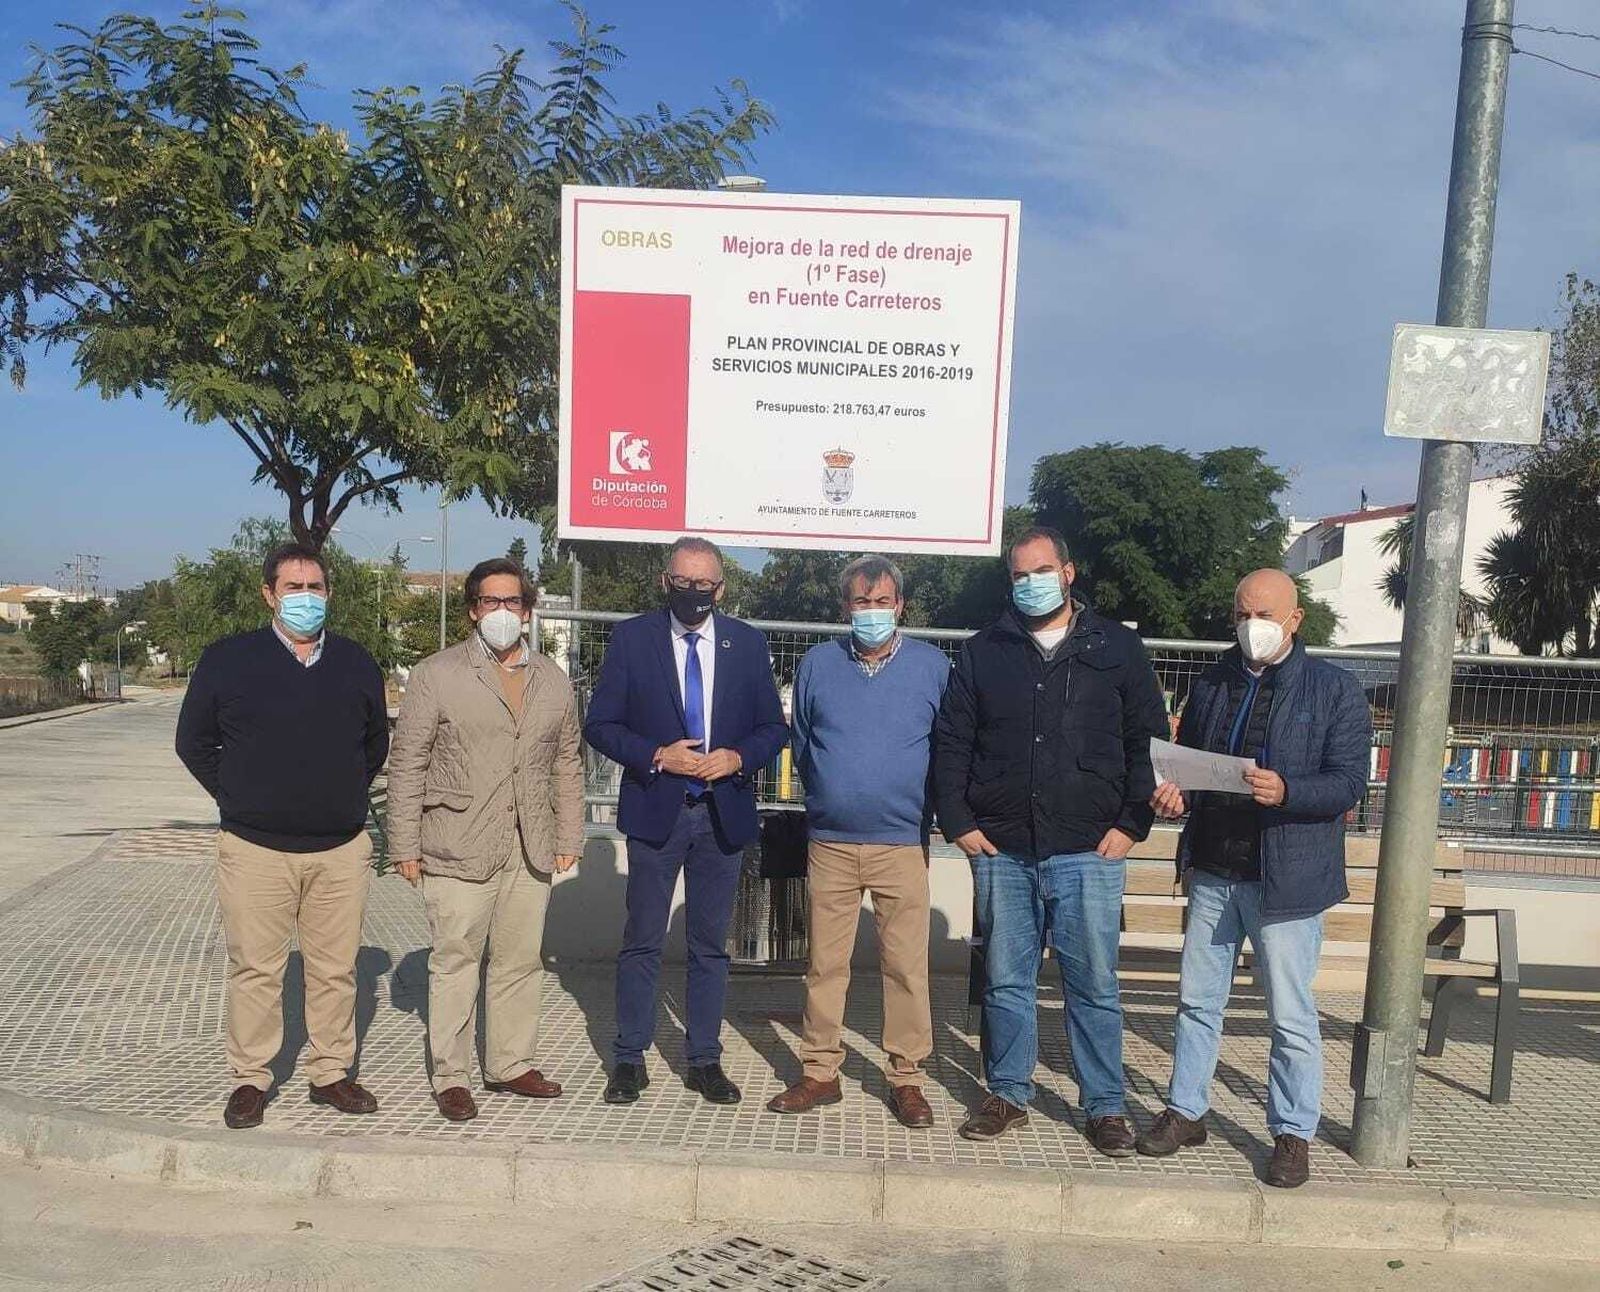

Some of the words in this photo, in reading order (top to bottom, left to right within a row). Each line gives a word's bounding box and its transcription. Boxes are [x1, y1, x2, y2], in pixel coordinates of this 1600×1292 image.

[601, 229, 673, 249] OBRAS
[723, 236, 784, 258] Mejora
[791, 238, 812, 256] de
[819, 239, 833, 256] la
[841, 241, 869, 258] red
[876, 241, 897, 259] de
[904, 243, 972, 264] drenaje
[837, 265, 885, 287] Fase)
[749, 291, 769, 304] en
[777, 288, 838, 306] Fuente
[846, 290, 941, 310] Carreteros
[728, 336, 766, 350] PLAN
[772, 338, 862, 353] PROVINCIAL
[868, 341, 887, 354] DE
[893, 342, 945, 356] OBRAS
[951, 344, 959, 356] Y
[713, 358, 791, 374] SERVICIOS
[797, 361, 897, 377] MUNICIPALES
[903, 365, 973, 380] 2016-2019
[756, 401, 829, 413] Presupuesto:
[833, 404, 890, 416] 218.763,47
[894, 408, 925, 417] euros
[592, 478, 667, 493] Diputación
[591, 493, 608, 506] de
[758, 506, 816, 515] AYUNTAMIENTO
[819, 508, 829, 516] DE
[832, 509, 861, 517] FUENTE
[864, 510, 916, 519] CARRETEROS
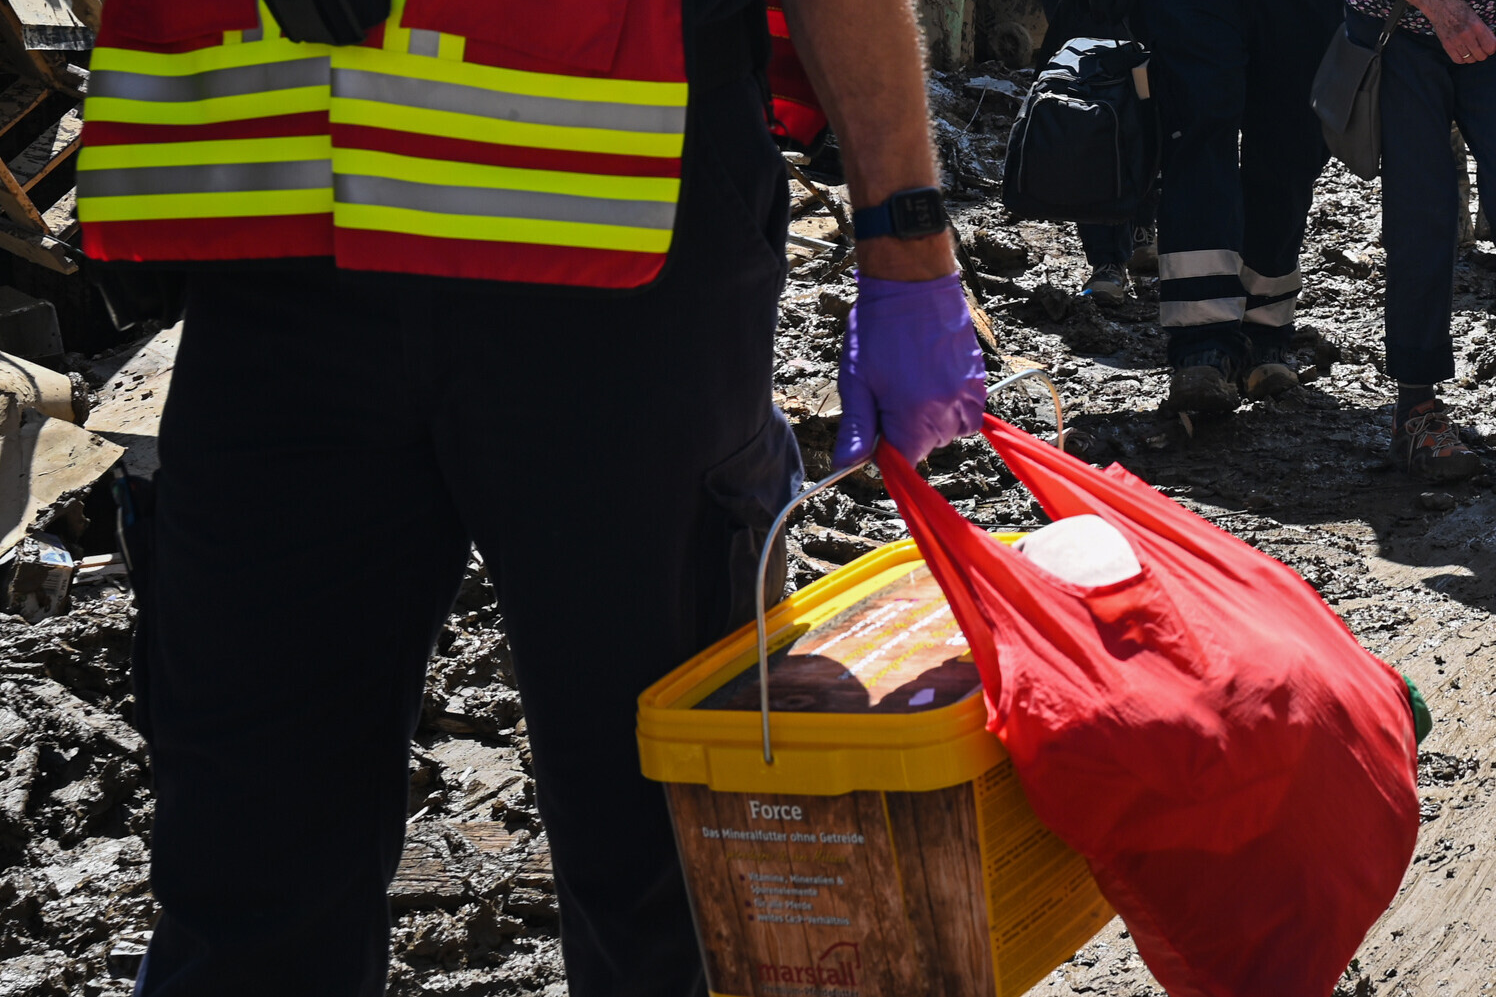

> _What you need to do_:
Recreate the listing above word for word, dropping each picture it contains.

> _Response below_:
Some of the words in this photo, in reading order (top to bottom, left to right within a row). Each line gives a word's bounding box and its transcription. Boxes are [x1, y1, x2, y2], in pixel coordinates of this 1600×1292 image.

[601, 229, 673, 249] OBRAS
[723, 236, 784, 258] Mejora
[791, 238, 812, 256] de
[819, 239, 833, 256] la
[841, 241, 869, 258] red
[876, 241, 897, 259] de
[904, 243, 972, 264] drenaje
[837, 265, 885, 287] Fase)
[749, 291, 769, 304] en
[777, 288, 838, 306] Fuente
[846, 290, 941, 310] Carreteros
[728, 336, 766, 350] PLAN
[772, 338, 862, 353] PROVINCIAL
[868, 341, 887, 354] DE
[893, 342, 945, 356] OBRAS
[951, 344, 959, 356] Y
[713, 358, 791, 374] SERVICIOS
[797, 361, 897, 377] MUNICIPALES
[903, 365, 973, 380] 2016-2019
[756, 401, 829, 413] Presupuesto:
[833, 404, 890, 416] 218.763,47
[894, 408, 925, 417] euros
[592, 478, 667, 493] Diputación
[591, 493, 608, 506] de
[758, 506, 816, 515] AYUNTAMIENTO
[819, 508, 829, 516] DE
[832, 509, 861, 517] FUENTE
[864, 510, 916, 519] CARRETEROS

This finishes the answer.